Image-backed grounding data
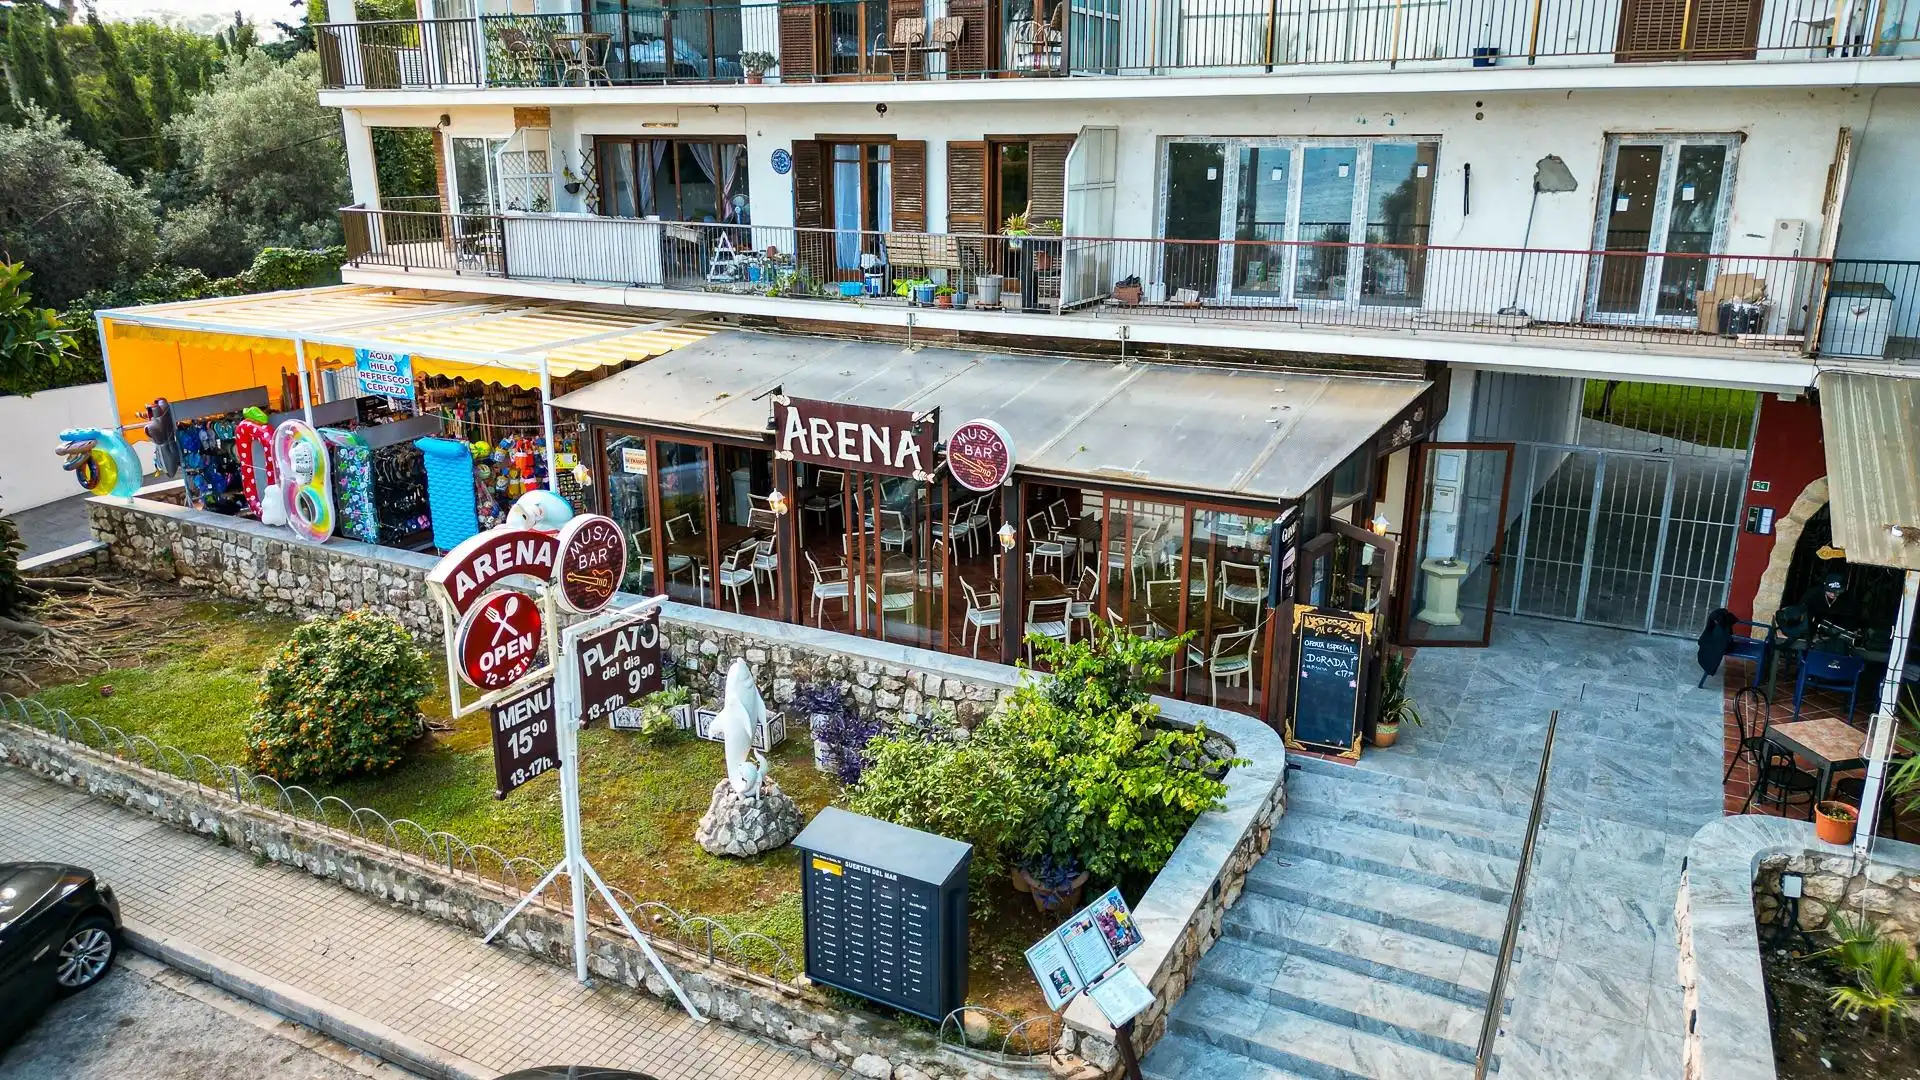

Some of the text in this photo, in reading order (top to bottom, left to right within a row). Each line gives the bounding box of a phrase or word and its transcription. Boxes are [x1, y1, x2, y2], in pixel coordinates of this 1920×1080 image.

[369, 352, 395, 361] AGUA
[370, 362, 397, 372] HIELO
[360, 371, 410, 385] REFRESCOS
[366, 382, 406, 395] CERVEZA
[782, 406, 922, 471] ARENA
[957, 428, 1003, 452] MUSIC
[964, 444, 992, 459] BAR
[570, 525, 618, 560] MUSIC
[578, 547, 607, 570] BAR
[455, 539, 552, 602] ARENA
[479, 632, 533, 672] OPEN
[582, 623, 659, 677] PLATO
[1304, 640, 1355, 653] OFERTA ESPECIAL
[602, 662, 620, 680] del
[498, 687, 551, 732] MENU
[844, 861, 898, 881] SUERTES DEL MAR

» **Assignment**
Give back the entries verbatim but drop every picture.

» **Exercise result**
Some of the text in this photo, in reading order (top to bottom, left to right within a row). Each line gives the bounding box of a phrase or word and its transcription. Boxes are [x1, y1, x2, y2], in pixel coordinates of this 1920×1080 image.

[369, 352, 395, 361] AGUA
[370, 362, 397, 372] HIELO
[360, 371, 410, 385] REFRESCOS
[366, 382, 406, 395] CERVEZA
[782, 406, 922, 471] ARENA
[957, 428, 1003, 452] MUSIC
[964, 444, 992, 459] BAR
[570, 525, 618, 560] MUSIC
[578, 547, 607, 570] BAR
[455, 539, 552, 602] ARENA
[479, 632, 533, 672] OPEN
[582, 623, 659, 677] PLATO
[1304, 640, 1355, 653] OFERTA ESPECIAL
[602, 662, 620, 680] del
[498, 687, 551, 732] MENU
[844, 861, 898, 881] SUERTES DEL MAR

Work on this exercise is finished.